TASK REQUIREMENTS> Copy the data exactly, keeping every line intact.

Items from a dataset
====================

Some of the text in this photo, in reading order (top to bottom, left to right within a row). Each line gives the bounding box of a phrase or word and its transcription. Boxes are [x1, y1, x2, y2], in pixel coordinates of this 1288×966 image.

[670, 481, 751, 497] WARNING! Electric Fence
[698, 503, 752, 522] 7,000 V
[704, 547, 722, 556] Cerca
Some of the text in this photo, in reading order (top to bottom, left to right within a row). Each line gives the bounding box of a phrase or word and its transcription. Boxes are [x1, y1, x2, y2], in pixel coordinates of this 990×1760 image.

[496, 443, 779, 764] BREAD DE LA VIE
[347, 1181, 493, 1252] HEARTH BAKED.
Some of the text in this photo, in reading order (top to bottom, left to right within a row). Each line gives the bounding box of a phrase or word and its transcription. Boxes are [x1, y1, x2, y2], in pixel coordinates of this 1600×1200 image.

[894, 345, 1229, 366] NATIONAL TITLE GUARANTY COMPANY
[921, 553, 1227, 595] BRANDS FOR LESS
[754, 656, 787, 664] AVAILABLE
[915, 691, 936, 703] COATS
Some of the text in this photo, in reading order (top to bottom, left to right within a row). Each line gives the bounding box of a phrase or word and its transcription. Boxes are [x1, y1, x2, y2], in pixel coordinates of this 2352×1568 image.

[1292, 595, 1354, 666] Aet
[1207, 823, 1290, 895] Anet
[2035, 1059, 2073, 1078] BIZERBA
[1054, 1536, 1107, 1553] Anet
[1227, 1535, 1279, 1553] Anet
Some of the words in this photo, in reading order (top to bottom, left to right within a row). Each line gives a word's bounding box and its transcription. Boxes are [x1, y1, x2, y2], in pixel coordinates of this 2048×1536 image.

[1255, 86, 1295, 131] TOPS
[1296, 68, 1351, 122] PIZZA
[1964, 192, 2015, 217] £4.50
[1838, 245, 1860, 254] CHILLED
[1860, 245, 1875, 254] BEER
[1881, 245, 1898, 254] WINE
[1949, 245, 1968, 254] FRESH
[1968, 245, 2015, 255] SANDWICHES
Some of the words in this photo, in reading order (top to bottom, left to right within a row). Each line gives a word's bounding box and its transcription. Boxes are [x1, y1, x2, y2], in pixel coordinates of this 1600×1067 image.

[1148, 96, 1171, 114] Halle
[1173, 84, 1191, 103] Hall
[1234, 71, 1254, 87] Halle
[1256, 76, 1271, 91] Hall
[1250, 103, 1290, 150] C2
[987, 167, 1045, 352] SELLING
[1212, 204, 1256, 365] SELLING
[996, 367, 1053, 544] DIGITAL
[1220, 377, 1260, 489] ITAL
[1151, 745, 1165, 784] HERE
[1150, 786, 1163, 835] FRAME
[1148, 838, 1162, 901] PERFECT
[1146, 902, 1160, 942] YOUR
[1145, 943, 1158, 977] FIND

====================

RESULT OF THIS EXERCISE>
Some of the text in this photo, in reading order (top to bottom, left to right within a row). Each line gives the bounding box of a phrase or word and its transcription. Boxes are [x1, y1, x2, y2], in pixel coordinates of this 1288×966 image.

[670, 481, 751, 497] WARNING! Electric Fence
[698, 503, 752, 522] 7,000 V
[704, 547, 722, 556] Cerca
Some of the text in this photo, in reading order (top to bottom, left to right within a row). Each line gives the bounding box of a phrase or word and its transcription. Boxes are [x1, y1, x2, y2], in pixel coordinates of this 990×1760 image.

[496, 443, 779, 764] BREAD DE LA VIE
[347, 1181, 493, 1252] HEARTH BAKED.
Some of the text in this photo, in reading order (top to bottom, left to right within a row). Each line gives the bounding box of a phrase or word and its transcription. Boxes are [x1, y1, x2, y2], in pixel coordinates of this 1600×1200 image.

[894, 345, 1229, 366] NATIONAL TITLE GUARANTY COMPANY
[921, 553, 1227, 595] BRANDS FOR LESS
[754, 656, 787, 664] AVAILABLE
[915, 691, 936, 703] COATS
Some of the text in this photo, in reading order (top to bottom, left to right within a row). Each line gives the bounding box of a phrase or word and its transcription. Boxes are [x1, y1, x2, y2], in pixel coordinates of this 2352×1568 image.

[1292, 595, 1354, 666] Aet
[1207, 823, 1290, 895] Anet
[2035, 1059, 2073, 1078] BIZERBA
[1054, 1536, 1107, 1553] Anet
[1227, 1535, 1279, 1553] Anet
Some of the words in this photo, in reading order (top to bottom, left to right within a row). Each line gives a word's bounding box and its transcription. Boxes are [x1, y1, x2, y2], in pixel coordinates of this 2048×1536 image.

[1255, 86, 1295, 131] TOPS
[1296, 68, 1351, 122] PIZZA
[1964, 192, 2015, 217] £4.50
[1838, 245, 1860, 254] CHILLED
[1860, 245, 1875, 254] BEER
[1881, 245, 1898, 254] WINE
[1949, 245, 1968, 254] FRESH
[1968, 245, 2015, 255] SANDWICHES
Some of the words in this photo, in reading order (top to bottom, left to right within a row). Each line gives a word's bounding box and its transcription. Boxes are [x1, y1, x2, y2], in pixel coordinates of this 1600×1067 image.

[1148, 96, 1171, 114] Halle
[1173, 84, 1191, 103] Hall
[1234, 71, 1254, 87] Halle
[1256, 76, 1271, 91] Hall
[1250, 103, 1290, 150] C2
[987, 167, 1045, 352] SELLING
[1212, 204, 1256, 365] SELLING
[996, 367, 1053, 544] DIGITAL
[1220, 377, 1260, 489] ITAL
[1151, 745, 1165, 784] HERE
[1150, 786, 1163, 835] FRAME
[1148, 838, 1162, 901] PERFECT
[1146, 902, 1160, 942] YOUR
[1145, 943, 1158, 977] FIND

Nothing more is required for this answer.